CMPF104: Data Cleaning and Preprocessing: Data science and Data Anaytics: Programming For Foundation In Engineering, Assignment, UNITEN, Malaysia
| University | Universiti Tenaga Nasional (UNITEN) |
| Subject | CMPF104: Programming For Foundation In Engineering |
Data science and Data Anaytics
Download the dataset from BRIGHTEN. If your student ID ends with an odd number, select Concrete_Data_A dataset, and if your student ID ends with an even number, select Concrete_Data_B dataset. Using the Python attributes, function and libraries to solve the following problems.
a) Data Cleaning and Preprocessing:
- Use Pandas to load the dataset. Name the dataframe as concrete_df_XXX.
- Remove ‘Number’ column using .drop() function and visualize the first ten (10)
rows of the data. - Handle any missing values by dropping or replacing the empty cells. Check for missing values using functions like .info() or .isnull().sum()

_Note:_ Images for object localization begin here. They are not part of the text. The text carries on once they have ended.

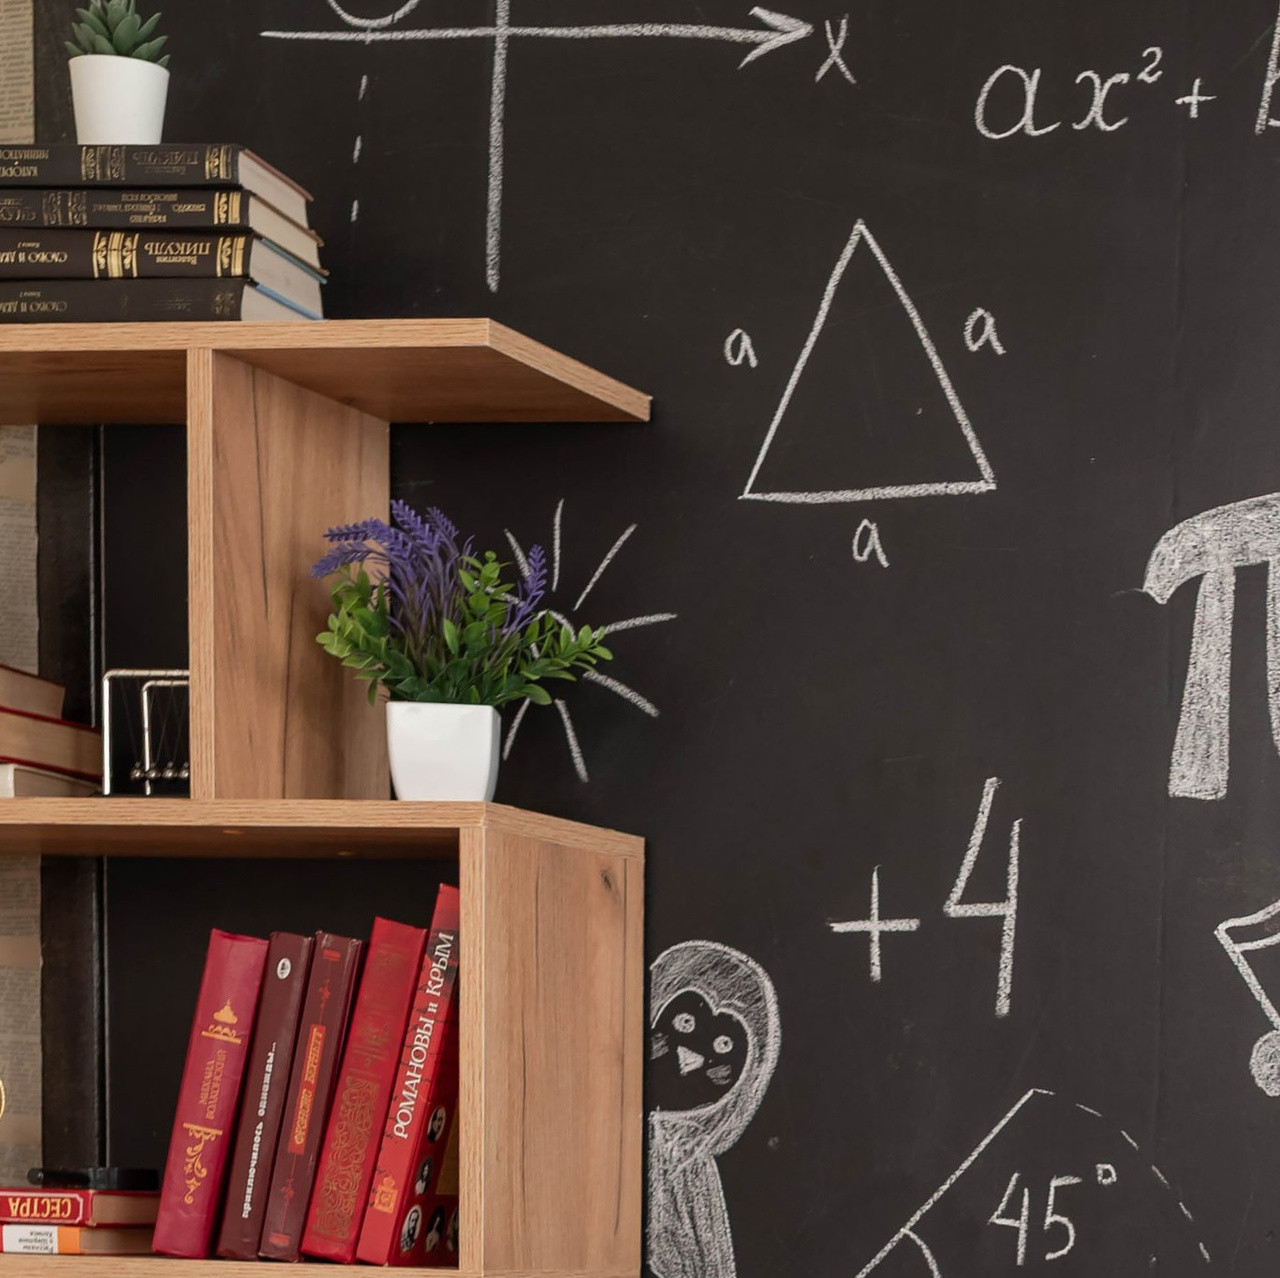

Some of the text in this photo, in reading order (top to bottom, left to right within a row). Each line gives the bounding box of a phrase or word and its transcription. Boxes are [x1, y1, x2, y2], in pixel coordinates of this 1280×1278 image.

[144, 242, 211, 255] ПИКУЛЬ
[156, 255, 197, 265] Валентин
[393, 1016, 435, 1139] РОМАНОВЫ
[425, 933, 454, 998] КРЫМ
[8, 1197, 72, 1218] СЕСТРА
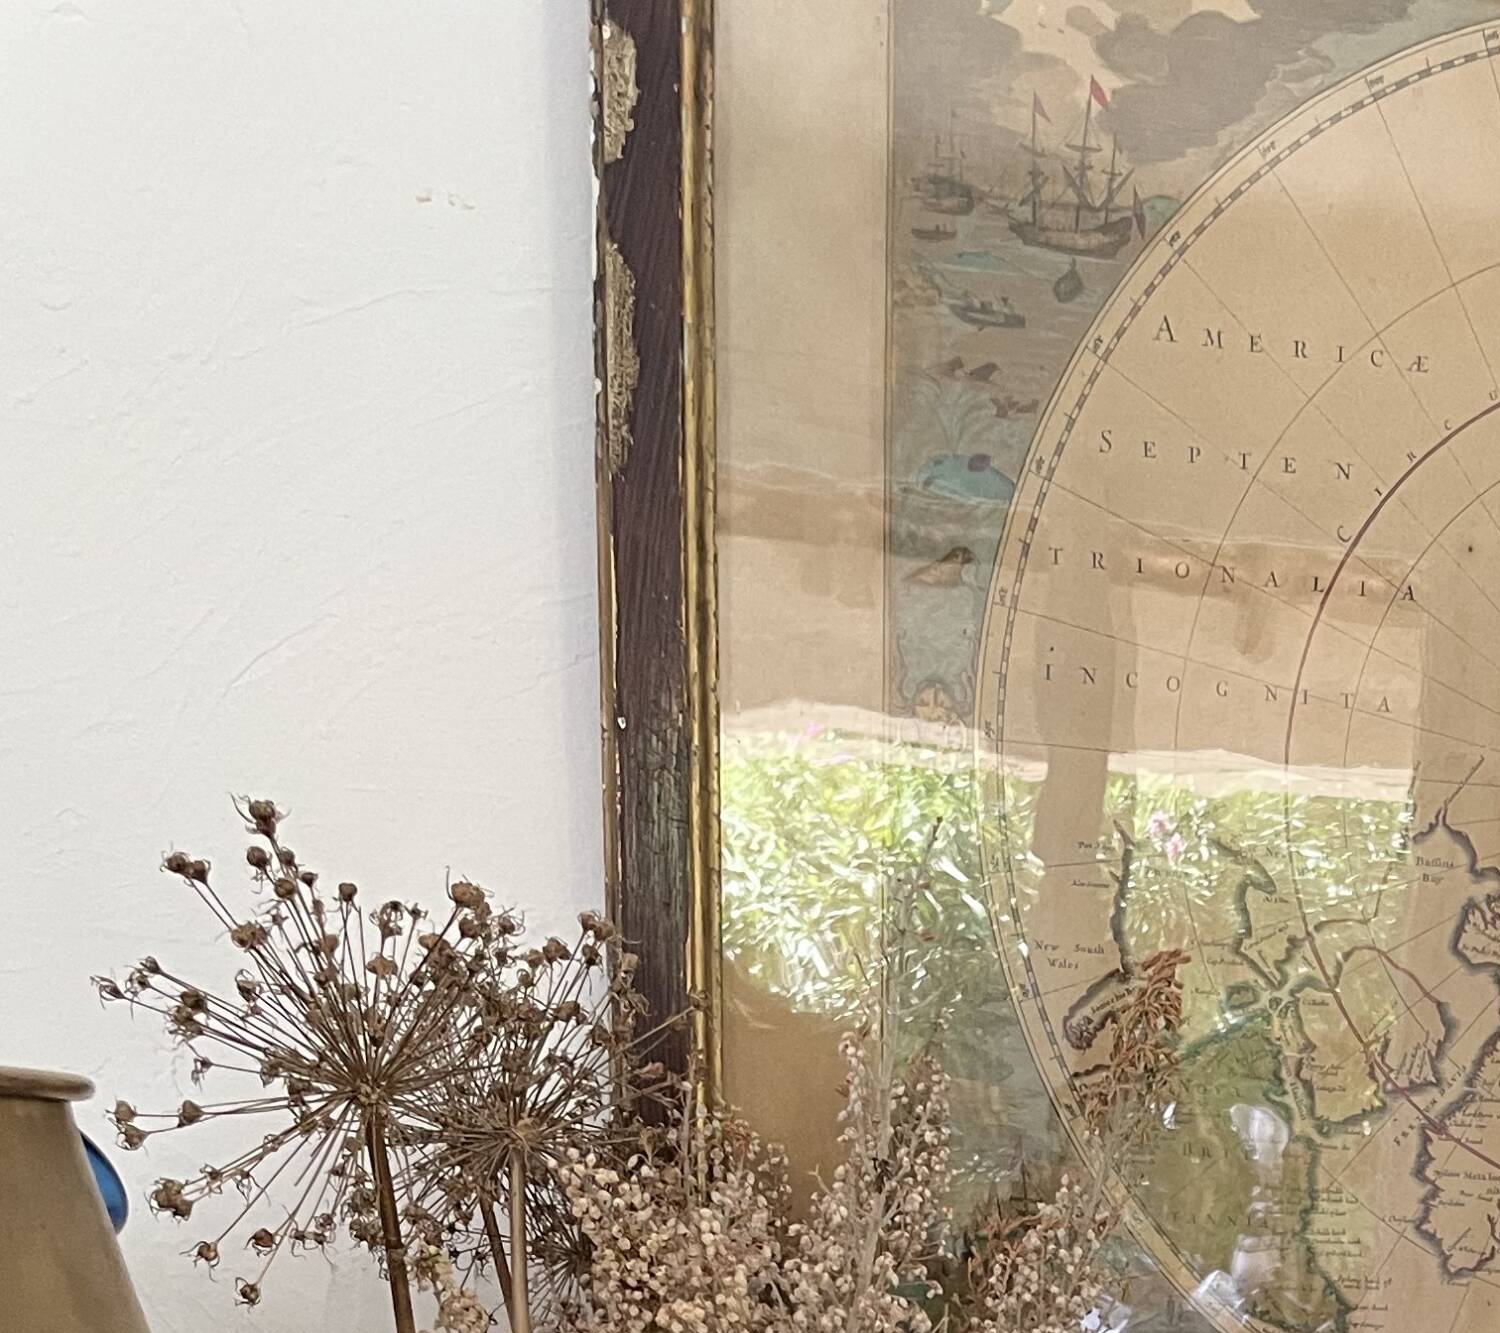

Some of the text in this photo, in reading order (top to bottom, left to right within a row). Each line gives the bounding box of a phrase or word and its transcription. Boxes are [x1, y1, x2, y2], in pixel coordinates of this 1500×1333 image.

[1098, 429, 1354, 481] SEPTEN
[1047, 546, 1417, 602] TRIONALIA
[1044, 663, 1391, 714] INCOGNITA
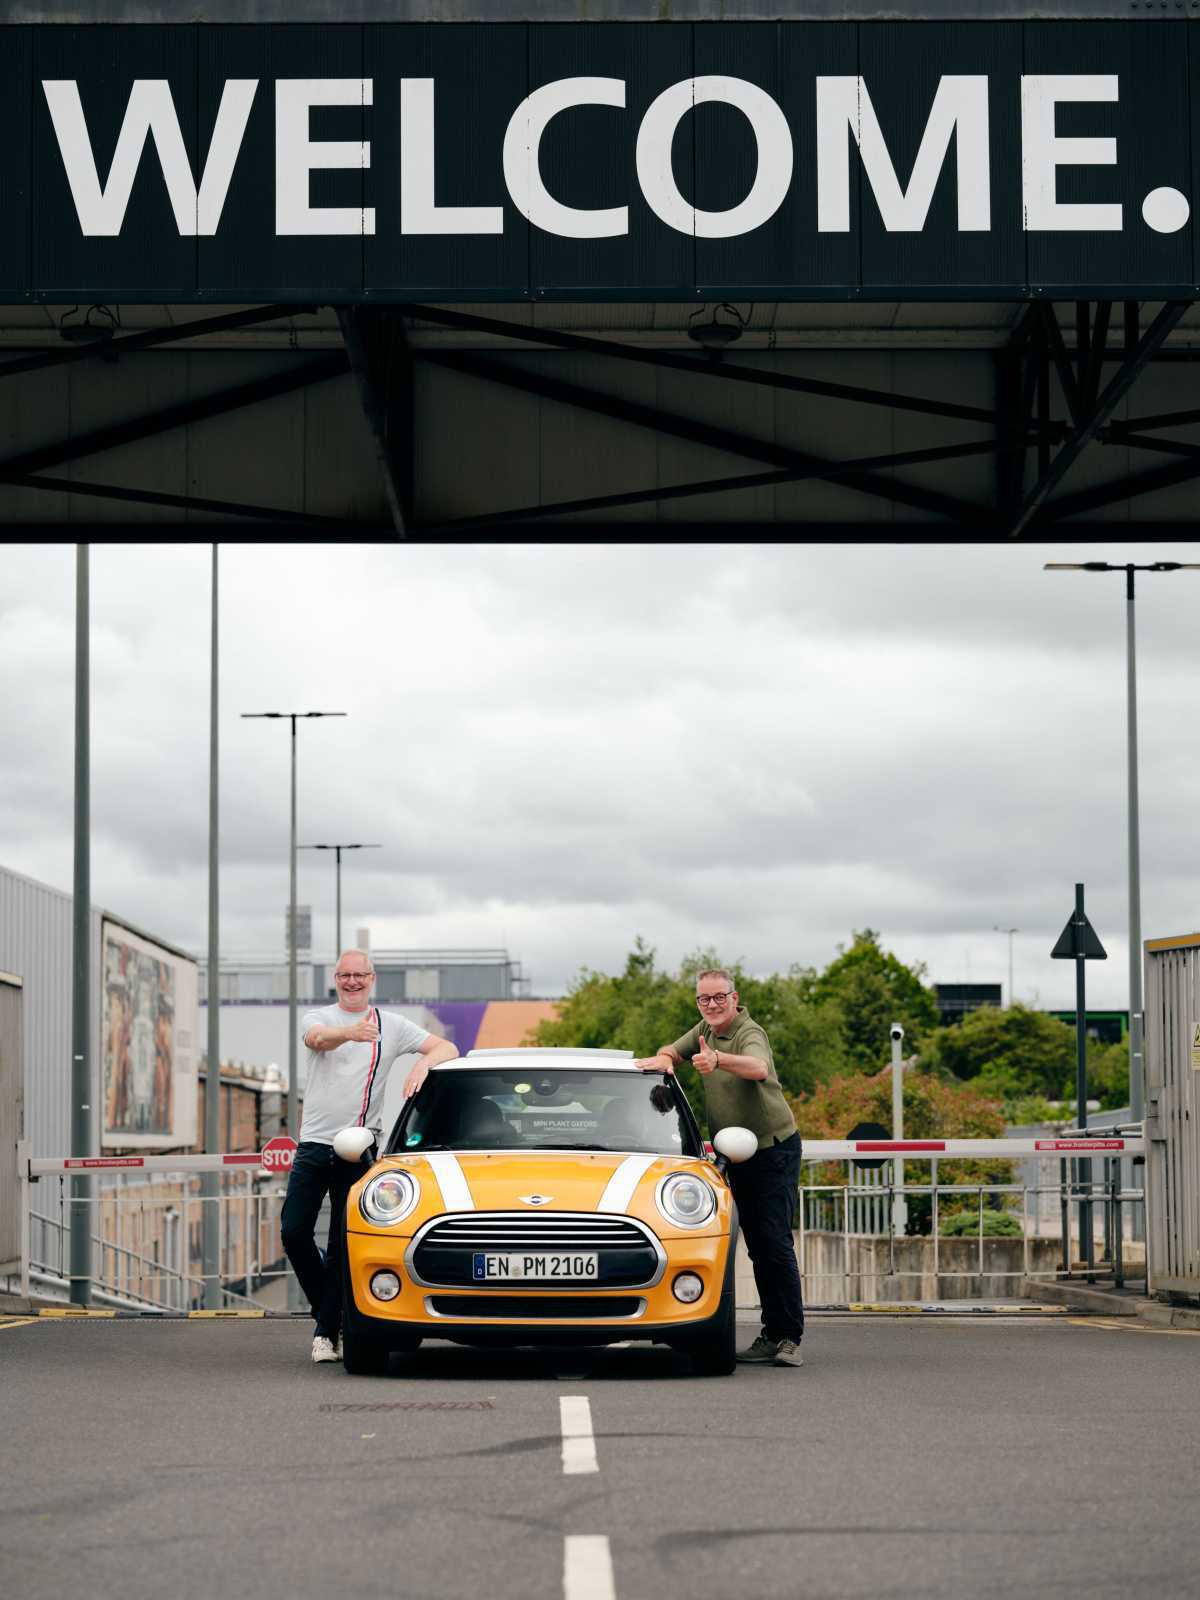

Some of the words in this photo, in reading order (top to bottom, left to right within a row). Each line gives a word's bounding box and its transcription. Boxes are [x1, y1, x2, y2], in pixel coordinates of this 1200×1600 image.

- Convert the data frame to array, using to_numpy() function.
- Divide the data into two sets of data with division of 80% and 20% for train and test data, respectively. Name the dataset as train_data_XXX and test_data_XXX
b) Data Analysis:
- Calculate the correlation between the variables in the dataframe.
- Utilize NumPy and Pandas to calculate summary statistics of the data such as
maximum, minimum, standard deviation, average, median and mode of each
category. - Use Pandas functions like .describe() for an overview of summary statistics and apply NumPy functions for specific calculations.
c) Visualization:
- Use Matplotlib to create visualizations such as line plots for train and test data
across all categories. - Generate histogram plots and box plots for all variables.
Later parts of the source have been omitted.